E’ molto importante, secondo il filosofo, proporre una denuncia del cattivo uso della scienza per evitare quella sfiducia del progresso che porta indubbiamente ad un deterioramento dei rapporti sociali e, quindi, alle guerre che Spengler, invece, legittimava come soluzione al problema del progresso. La visione di quest’ultimo portava semplicemente ad un pericoloso isolamento e ad una disgiunzione tra le varie popolazioni: ciò che prevaleva era proprio l’irrazionalità umana, che come è stato già detto non può assolutamente portare ad una condizione migliore per l’umanità.

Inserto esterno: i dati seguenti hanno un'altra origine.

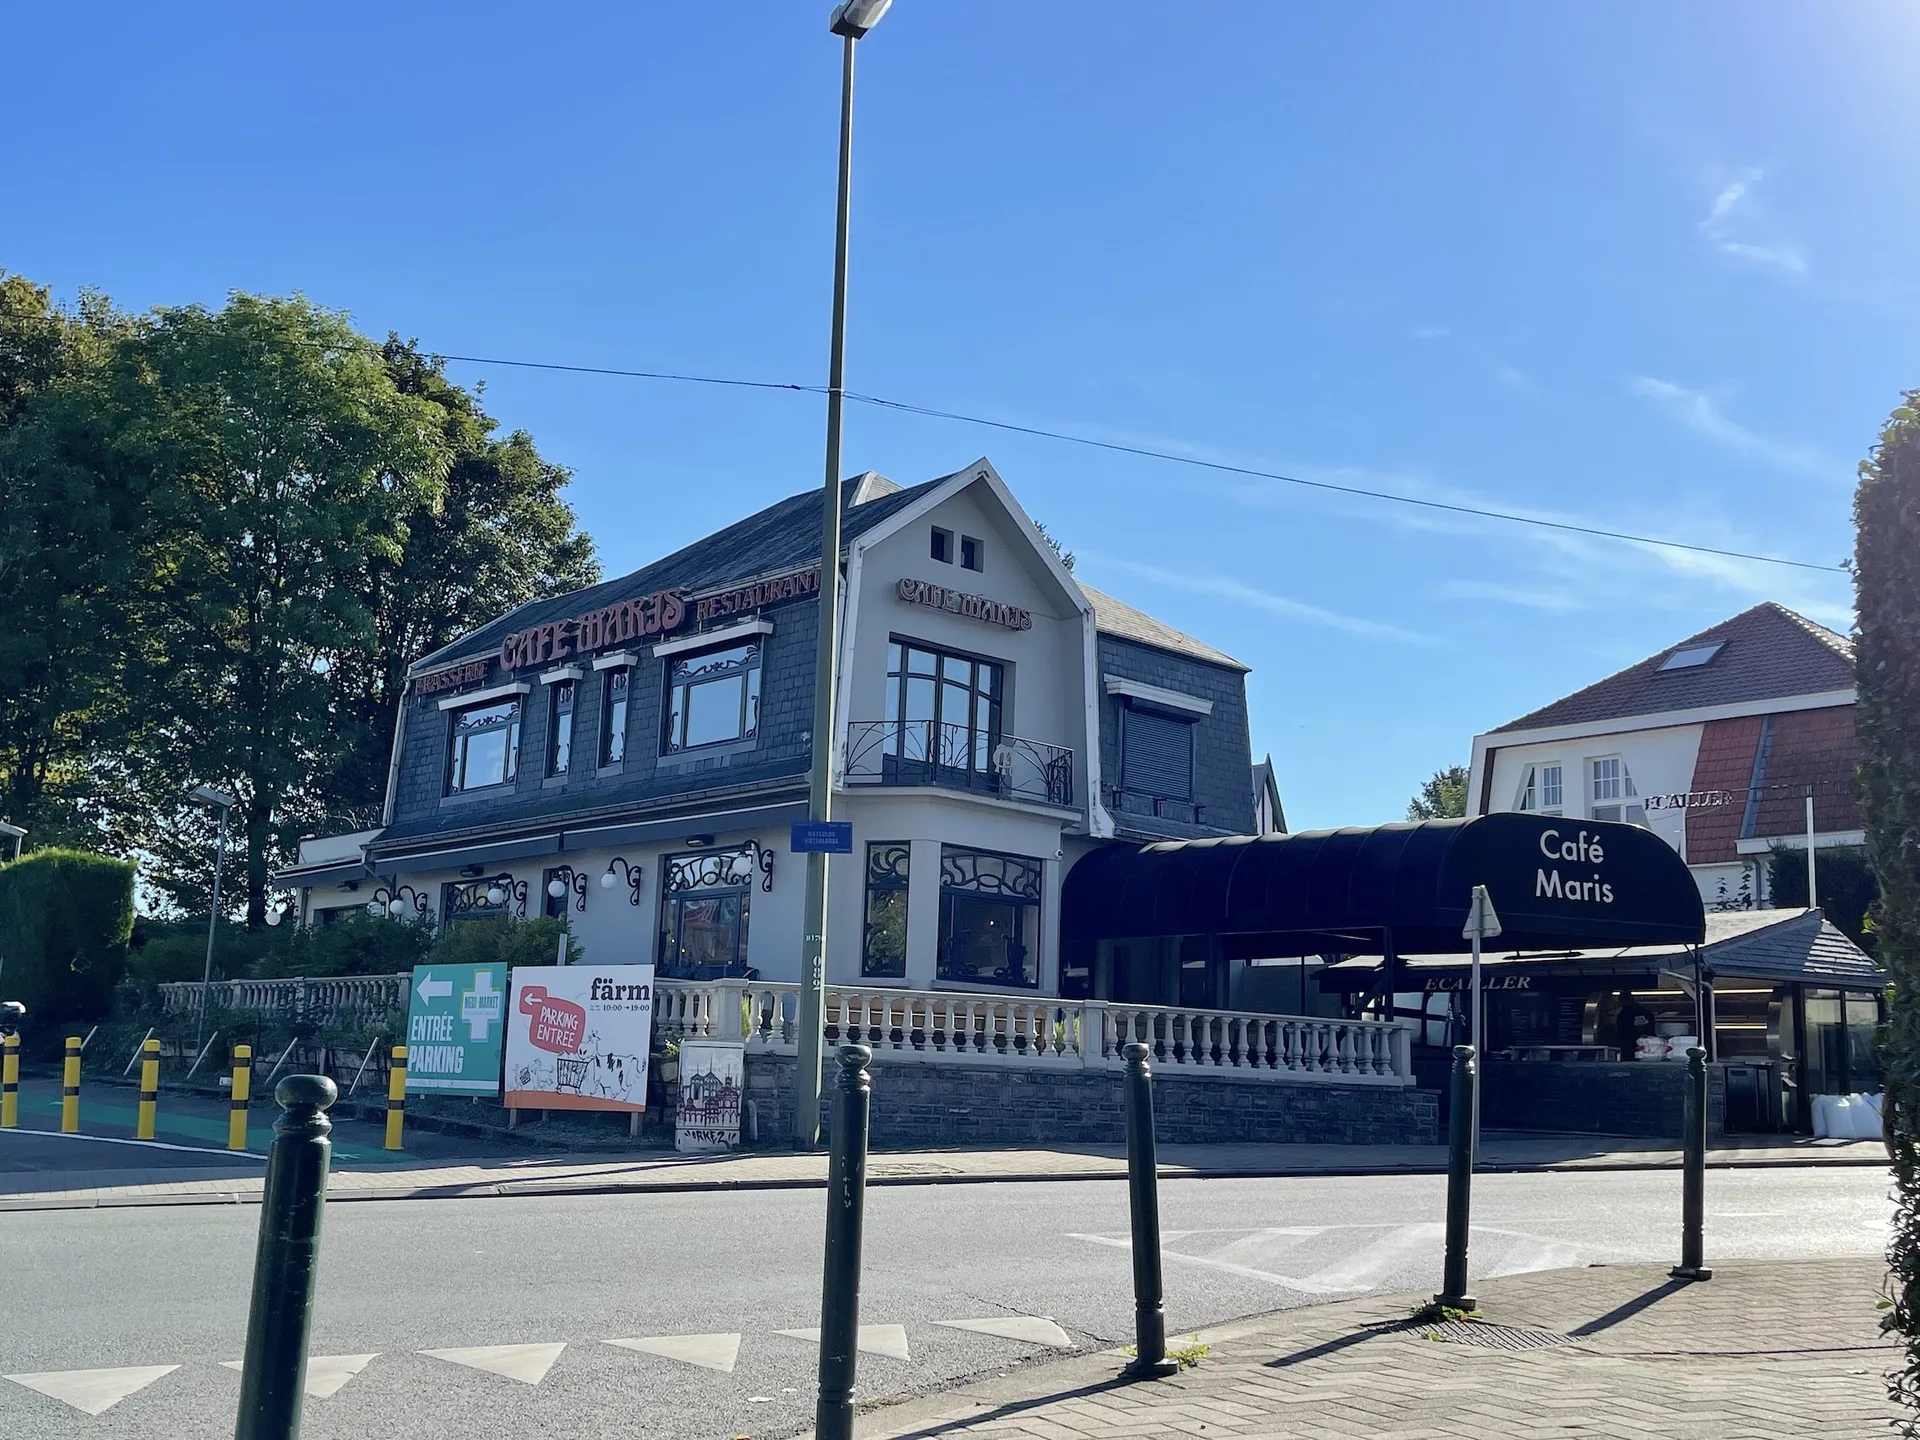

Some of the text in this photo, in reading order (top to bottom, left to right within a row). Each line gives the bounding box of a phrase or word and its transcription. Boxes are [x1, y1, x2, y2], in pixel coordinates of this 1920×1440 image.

[696, 569, 821, 620] RESTAURANT
[500, 619, 571, 671] CAFE
[1539, 829, 1605, 864] Café
[1535, 868, 1615, 904] Maris
[590, 977, 651, 1001] färm
[539, 1005, 579, 1031] PARKING
[603, 1004, 622, 1012] 10:00
[631, 1004, 650, 1012] 19:00
[411, 1010, 454, 1042] ENTRÉE
[536, 1023, 576, 1049] ENTREE
[407, 1045, 465, 1074] PARKING
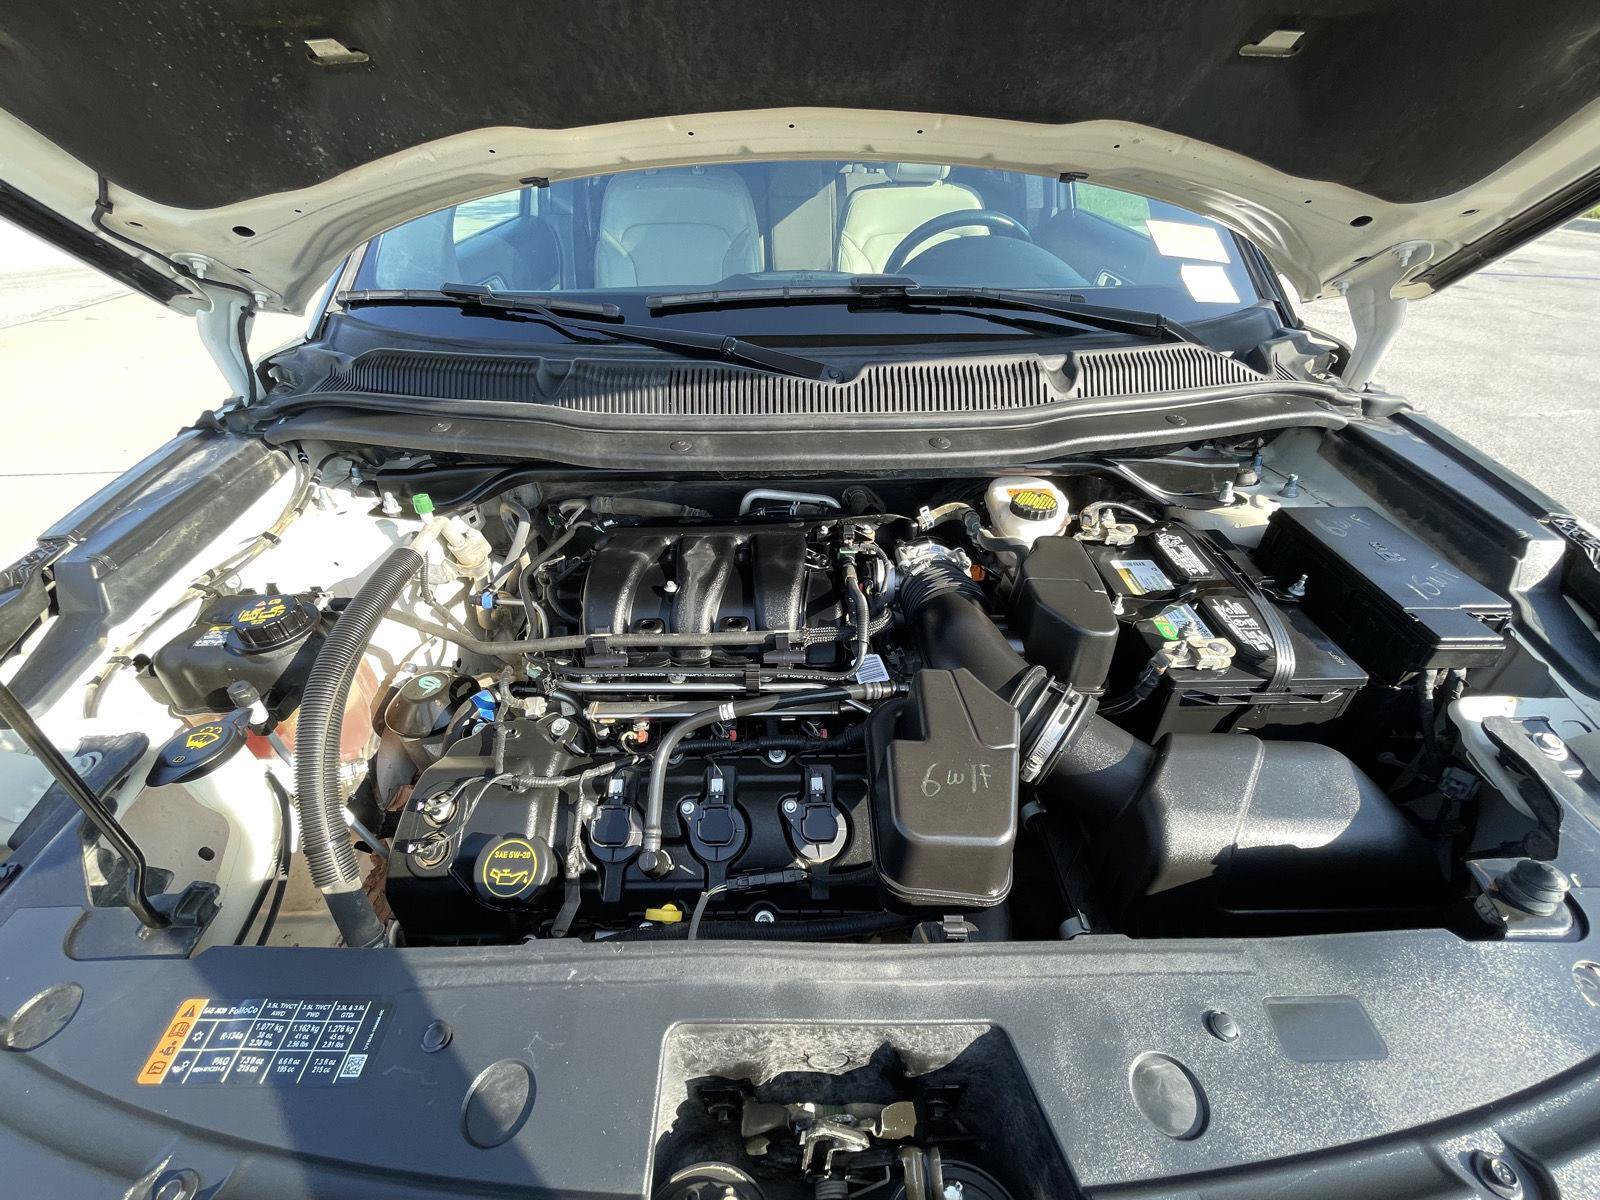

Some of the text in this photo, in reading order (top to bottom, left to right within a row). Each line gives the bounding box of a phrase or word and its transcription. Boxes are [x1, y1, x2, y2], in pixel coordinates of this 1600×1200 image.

[494, 851, 531, 859] SAE 5W-20
[228, 1006, 259, 1015] FoMoCo
[274, 1023, 285, 1033] kg
[292, 1024, 320, 1034] 1.162 kg
[345, 1025, 355, 1034] kg
[220, 1032, 244, 1040] R-134a

Bloch, infine, propone un progresso rapportato alla civiltà: esso non deve essere “coloniale” e “imperialista”, non deve essere “euforico” poiché produrrebbe solo obiettivi disumani e negativi. La civiltà a sua volta non deve imporre una “supremazia di razza” (in questo caso dell’uomo bianco) poiché nessuna popolazione è migliore dell’altra a seconda delle sue origini.
Le ombre del progresso sono proprio quegli abbagli e quelle illusioni che portano ad una generale paralisi di uno sviluppo positivo per l’umanità. Ciò che credo sia più importante, citando le parole di Bloch, “nessun indice sicuro dell’evoluzione temporale del progresso, secondo il quale nella storia, in ogni caso o anche solo sommariamente, il successivo significa di più rispetto a ciò che precedette”, ovvero credo sia molto importante riflettere sull’utilizzo del progresso poiché dalle nostre decisioni dipende la sorte della vita umana: non è detto che ciò che verrà sia indubbiamente migliore rispetto a prima e per questo dobbiamo interrogarci in modo completo su tutte le varie conseguenze che potrebbero essere apportate al seguito di una scoperta scientifica e tecnologica.
Dall’analisi effettuata si può concludere che il progresso può essere un elemento positivo ma anche un elemento negativo: dipende tutto dai nostri scopi e dal nostro utilizzo. Siamo responsabili della felicità e della sorte umana ed è nostro dovere essere responsabili nei confronti di qualcosa di cosi importante e necessario per la nostra esistenza.